Good evening girlies,

I've had a mad busy day in the office today - not what I'm used to, believe me!
I also did a spot of volunteer teaching (French) to some kids at our local primary school - only half an hour but I am now officially knackered!!

I have just arrived home, and boy, does a holiday to Florida sound soooo good to me - you lucky thing, Amanda!   Is there room in your suitcase for a not so little one?  

Hi Roo, great to hear from you. Sorry to hear about your cold, terrible timing! Loads of the lads at work have colds, and I'm dreading the inevitable passing on of the virus - they're not so free and easy with their wallets in a bar, believe me!  

I know what you mean about enjoying the feeling of having the embies tucked up safe and sound. I'll be sad soon enough, if it hasn't worked - maybe it's a case of burying my head in the sand, but if it is, I quite like the sand!!!!
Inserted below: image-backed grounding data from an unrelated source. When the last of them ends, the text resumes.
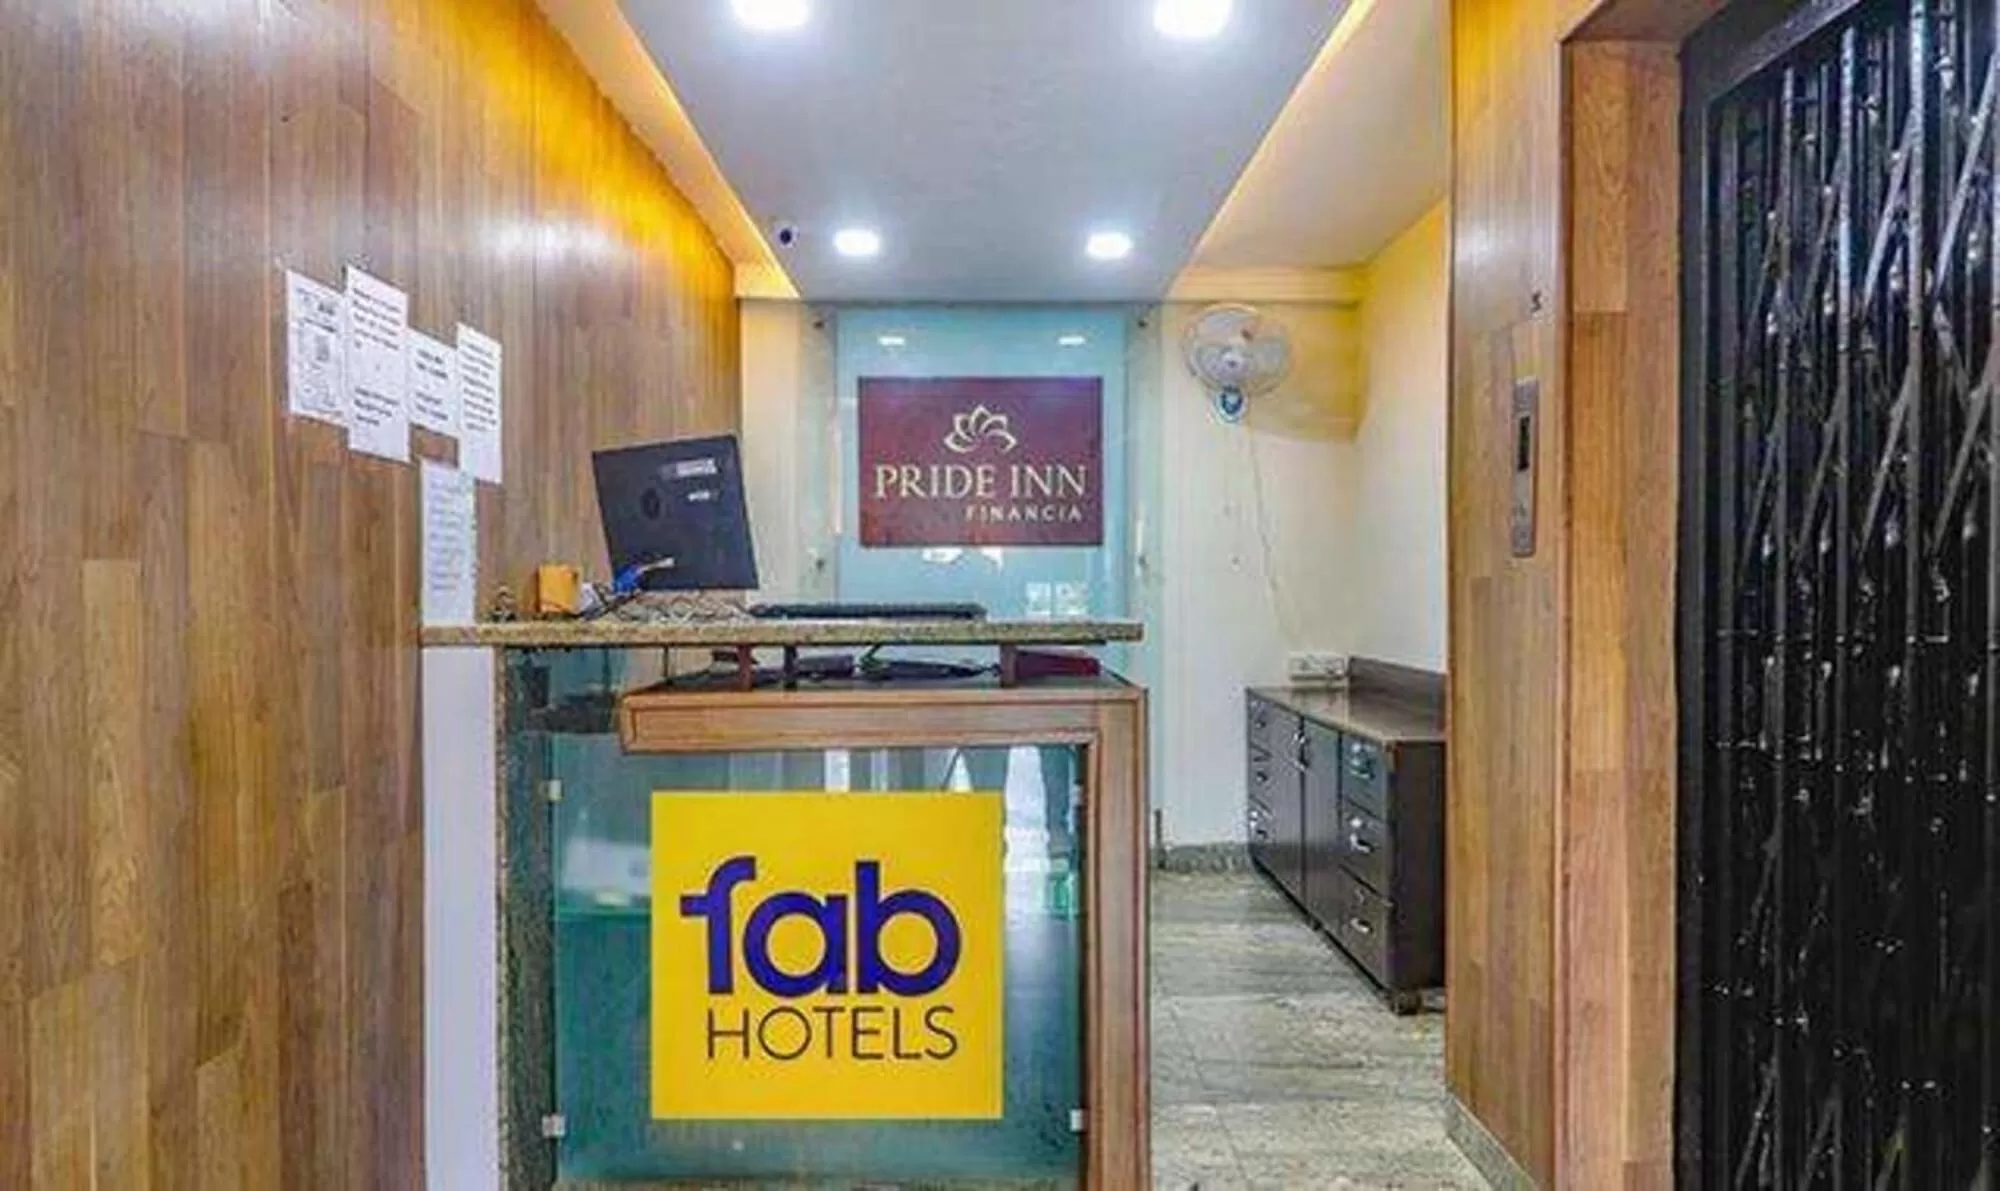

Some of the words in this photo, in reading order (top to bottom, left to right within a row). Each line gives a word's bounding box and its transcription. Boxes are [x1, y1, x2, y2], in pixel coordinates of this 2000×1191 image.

[874, 463, 997, 499] PRIDE
[1010, 463, 1086, 499] INN
[965, 504, 1083, 522] FINANCIA
[680, 856, 962, 999] fab
[707, 1005, 958, 1061] HOTELS
I also keep feeling quietly hopeful. I don't know why, I know this cycle is a long shot, but I'm a natural optimist I suppose!
I keep feeling a tightness, low down. Someone else mentioned a pinching sensation (who has since had a BFP!), and I think, "That's me - that's what I'm feeling!) But it could just as easily be a pulled muscle or something  

Anyway, take care all, keep the positive vibe going!      

ladyblue
    x


----------



## Ajax (Oct 1, 2004)

Hiya

Firstly, Ladyblue - Do they let strippers near children or is that just modern society??!!   
Also i have tonnes of room in my suitcase as i am taking VERY little with me in order to stock up over on the other side of the pond    Literally, undies, swimming cossie, and 2-3 outfits so go on jump in!

Nat - you made chicken satay sound so yum last night that i had to cook some tonight - thanks for the suggestion!! 
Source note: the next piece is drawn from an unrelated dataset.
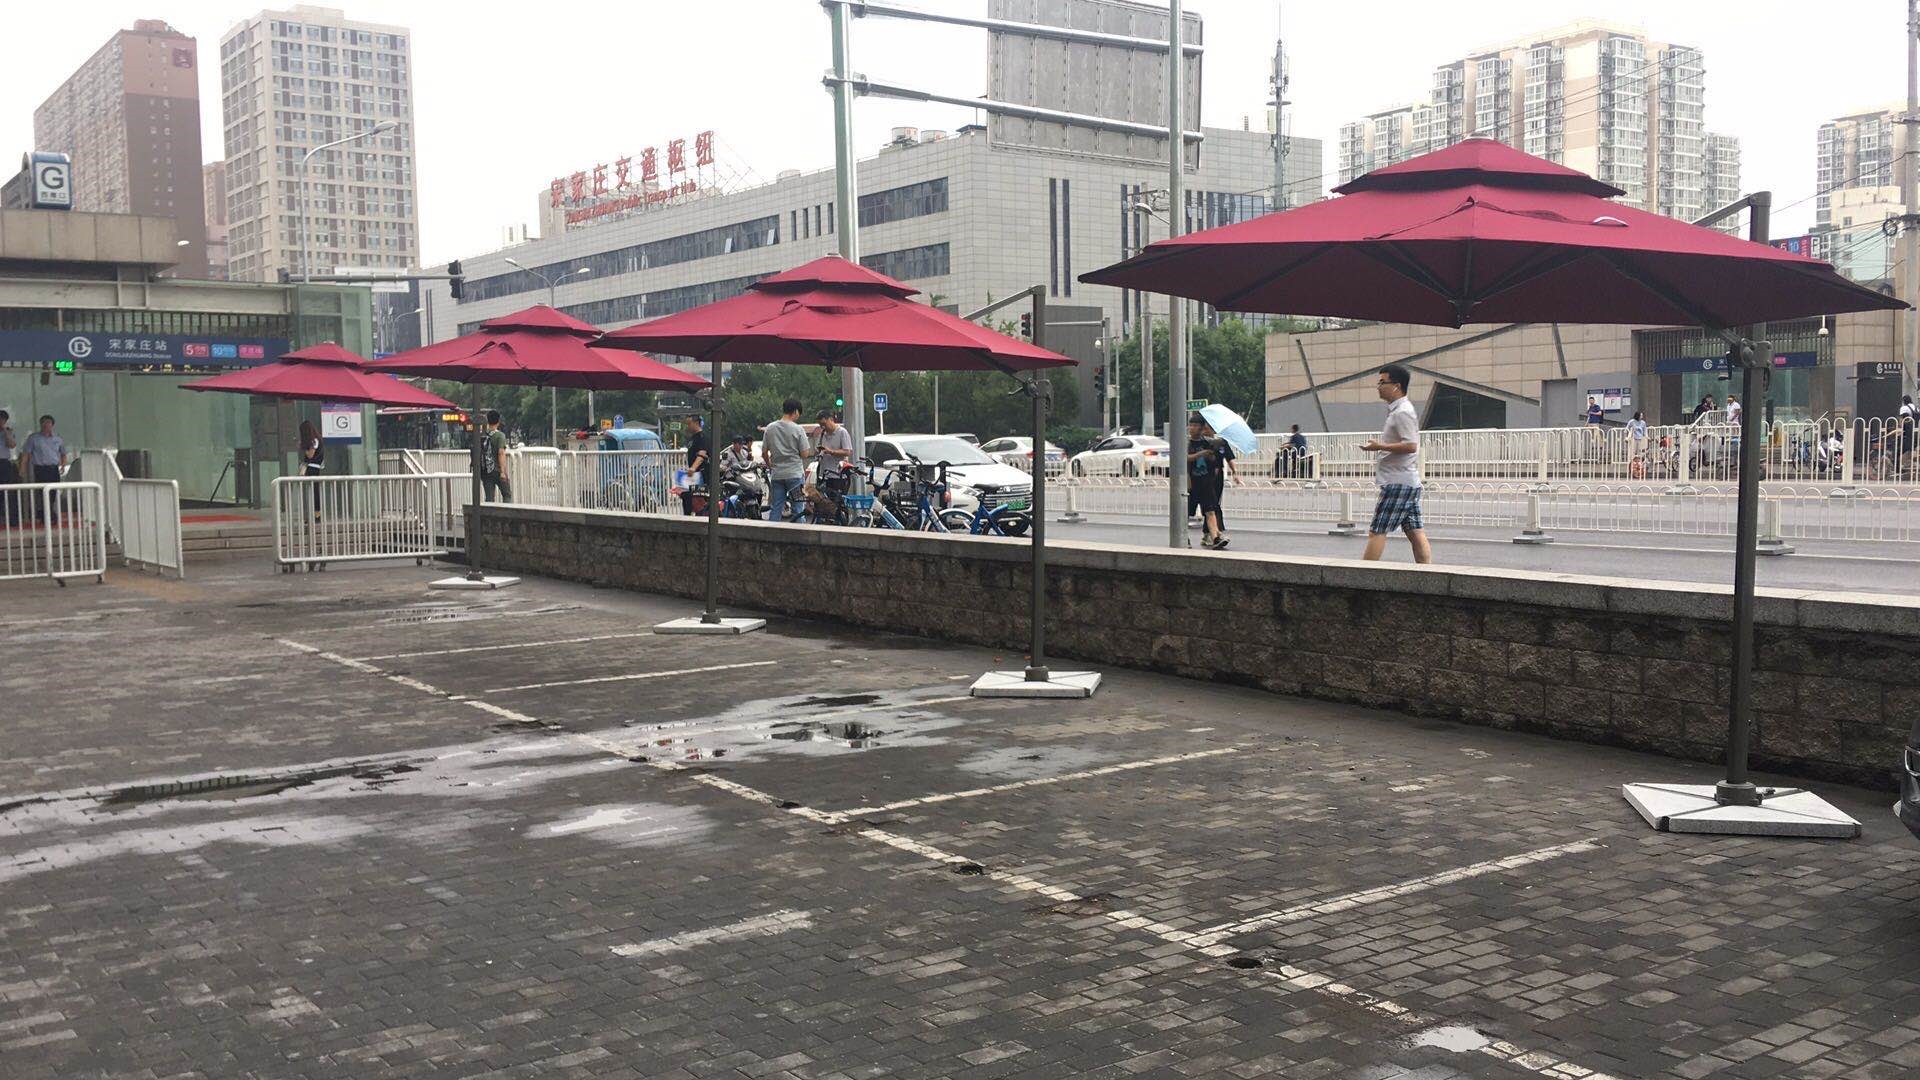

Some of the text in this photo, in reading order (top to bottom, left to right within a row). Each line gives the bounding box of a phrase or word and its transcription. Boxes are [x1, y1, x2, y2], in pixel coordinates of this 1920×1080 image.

[41, 166, 64, 190] G
[551, 130, 715, 208] 宋家庄交通枢纽
[108, 339, 168, 351] 宋家庄站
[336, 416, 349, 429] G
Hello Roomby - nice to meet you   I too know exactly what you mean about enjoying the embies "being there".  

Ive been having the same weird tightening feelings - more like my stomach is being pulled lengthways if that makes sense although my AF type pains have been really stong this afternoon and evening so ive decided i am not going to guess one way or another!! Oh and also had really sharp shooting pains around my belly button in middle of night.  Cant have imagined that as they woke me up!! Maybe i am seriously   and beyond all help!!

Luv
Amanda x


----------



## ladyblue (Sep 13, 2005)

Hooray!!!!!!!!

I'm finally off on my hols!   
Should I bring sun tan lotion? I can't have any sun tan lines, especially in my line of work!  
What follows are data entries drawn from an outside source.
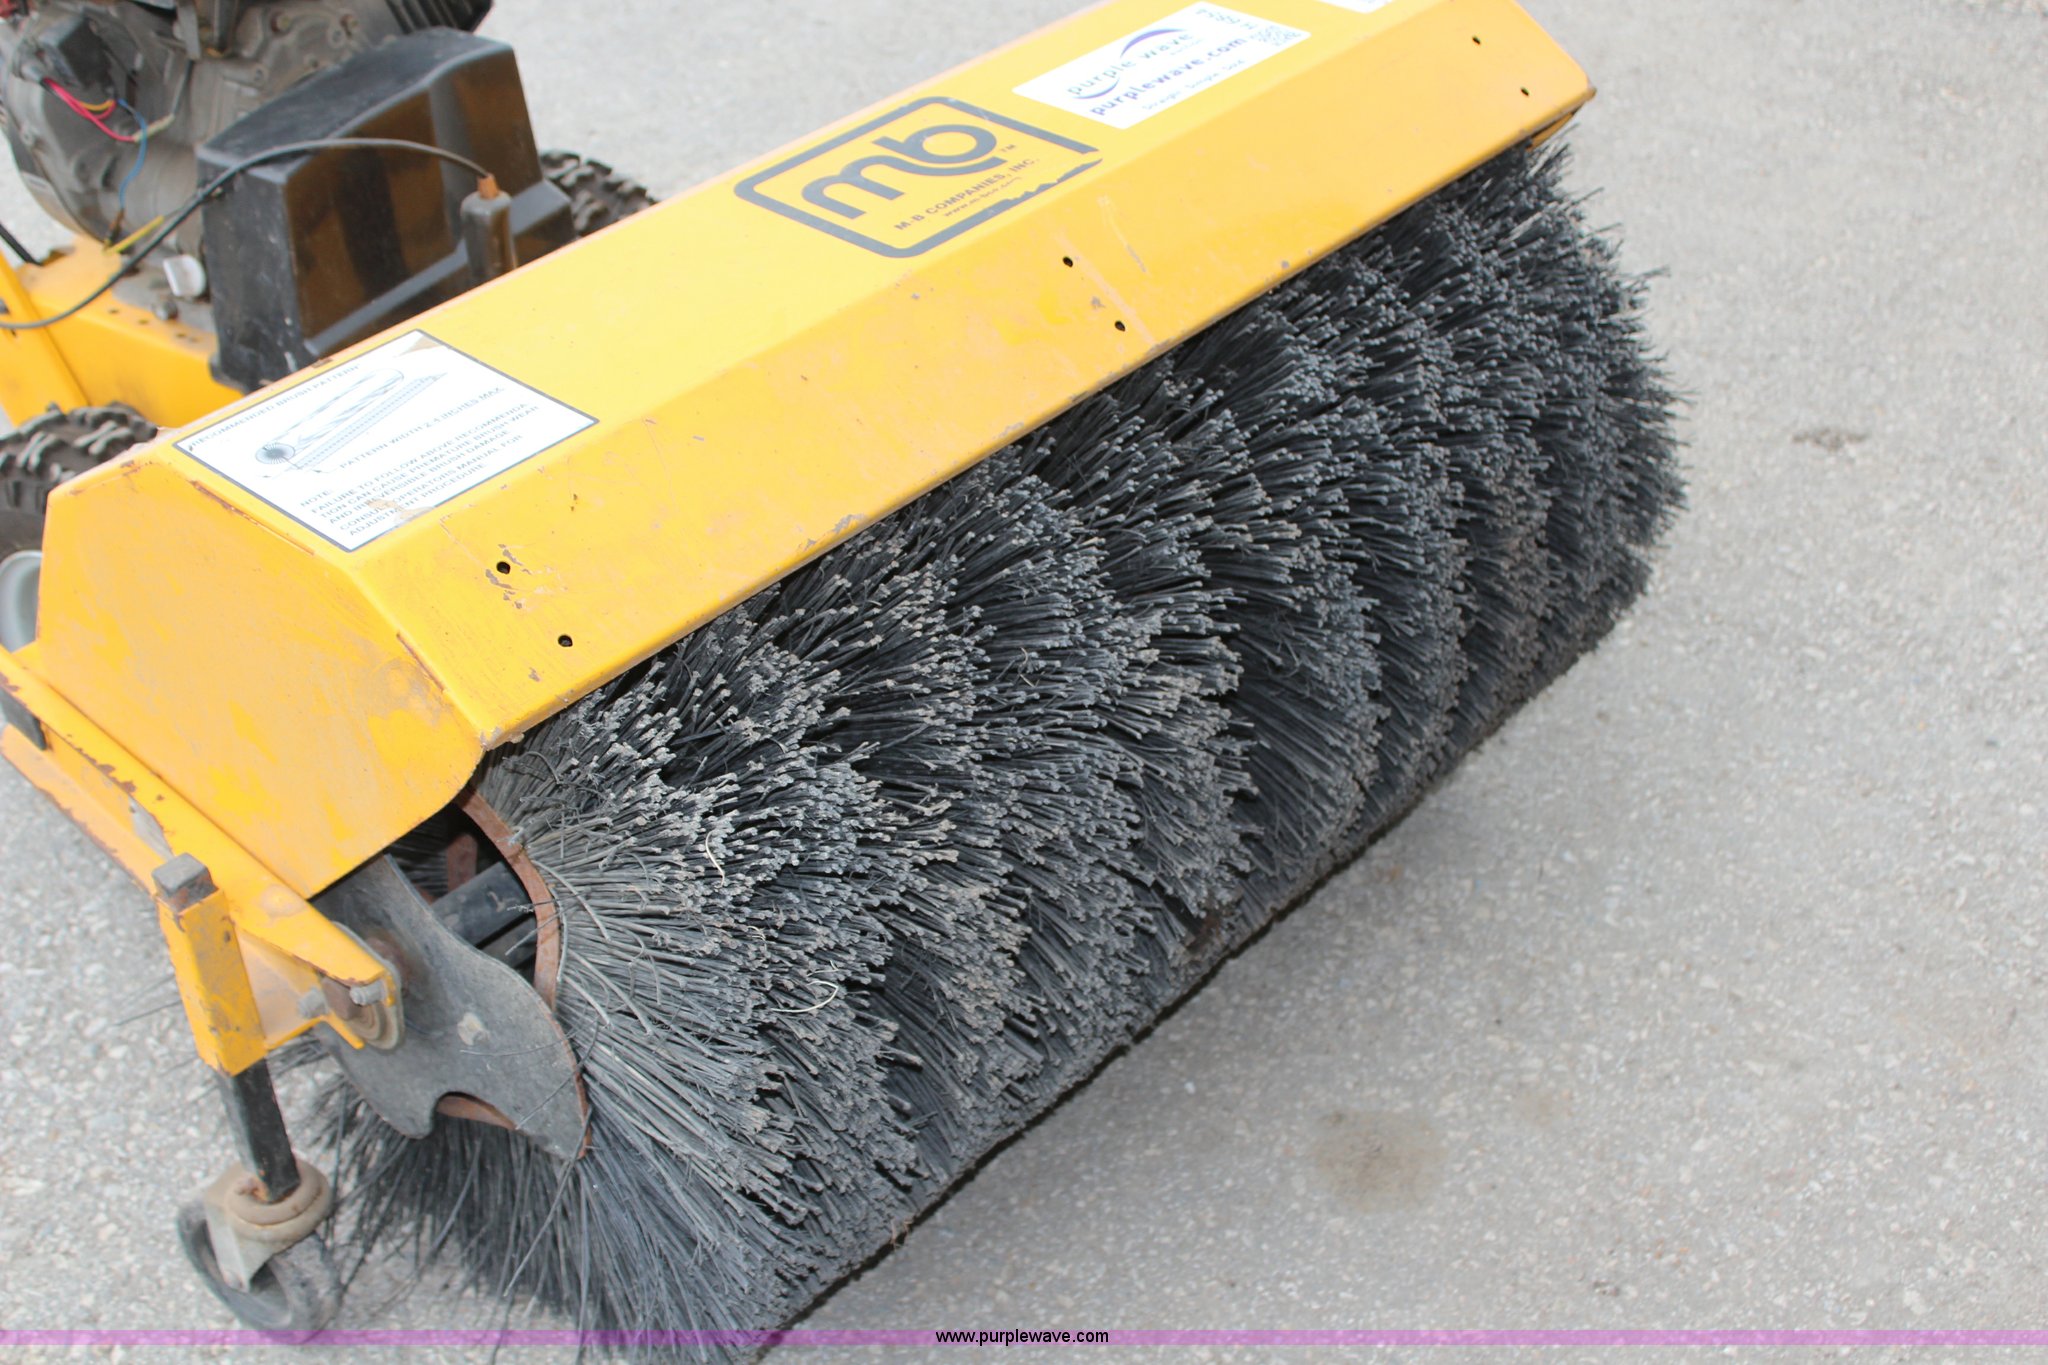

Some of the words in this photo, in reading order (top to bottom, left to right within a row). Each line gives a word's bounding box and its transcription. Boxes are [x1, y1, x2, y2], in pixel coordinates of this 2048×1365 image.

[1067, 58, 1136, 97] purple
[1140, 32, 1194, 60] wave
[1090, 37, 1247, 115] purplewave.com
[310, 489, 357, 513] FAILURE
[373, 458, 418, 481] FOLLOW
[418, 440, 454, 458] ABOVE
[320, 504, 347, 517] TION
[347, 491, 371, 503] CAN
[371, 472, 408, 491] CAUSE
[408, 440, 472, 472] PREMATURE
[472, 421, 509, 439] BRUSH
[509, 406, 539, 420] WEAR
[328, 510, 353, 523] AND
[428, 452, 466, 471] BRUSH
[465, 430, 510, 452] DAMAGE
[339, 444, 389, 468] PATTERN
[388, 426, 424, 443] WIDTH
[339, 502, 393, 529] CONSULT
[455, 447, 499, 469] MANUAL
[499, 435, 523, 446] FOR
[348, 497, 420, 535] ADJUSTMENT
As for the kids, they are the ones who have been teaching me some new moves!    God, I feel old!  

OMG, if we're having similar pains, then maybe...just maybe...!!! Ssshhhh, don't tempt fate!  

   to all,

ladyblue
    x


----------



## Ajax (Oct 1, 2004)

I ain't tempting nothing!!!  

I have my brother, his wife and two teenagers arriving from Inverness tomorrow.  They are off to Florida too, on Saturday and are flying from Gatwick.  DH kindly offered to drive them there even though it is for 6.15am!! LOL  Anyway, they will be a very welcome distraction and hopefully if i am busy the time will go quicker and test day will be upon us.  That is the plan anyway.
My mum and dad are also flying out to Florida the following Saturday after we arrive there so i think i may have to have stripes or i may cause my dad to have a heart attack if i strip off completely!  Either that or my wacky mother might join in the strip parade and that would seriously gross my DH out!! 

Talk about feeling old.....it even happens to 26 yr olds!  My DD started a new school few weeks ago and i asked her if her teacher was young or old to which she replied "kind of young and old", so i then asked her if she  was older or younger than mummy to which she replied " probably about the same age".  Oh cute i think until i finally met the teacher......shes only wrinkly, very grey and retiring at xmas!!!  Nice to know i am aging so badly!!

Luv to all
Amanda x


----------



## baby maggie (Jul 26, 2005)

Morning ladies 
sorry not around yesterday, had a big row with DH(and i mean BIG!!!)
Over nothing but it just grow and grow.
We ended up disscussing stopping treatment and splitting up?
Today niether of us know what it was all about and are sweet again(must have been "THE CLOMID ZONE" 
Anyway, day 11 of 2ww and cant sleep from sweating and peeing(really sweating, anyone else?)
and have nasty on and off AF pains, tired and boobs starting to get sore so all the usual suspects of failure!!!!!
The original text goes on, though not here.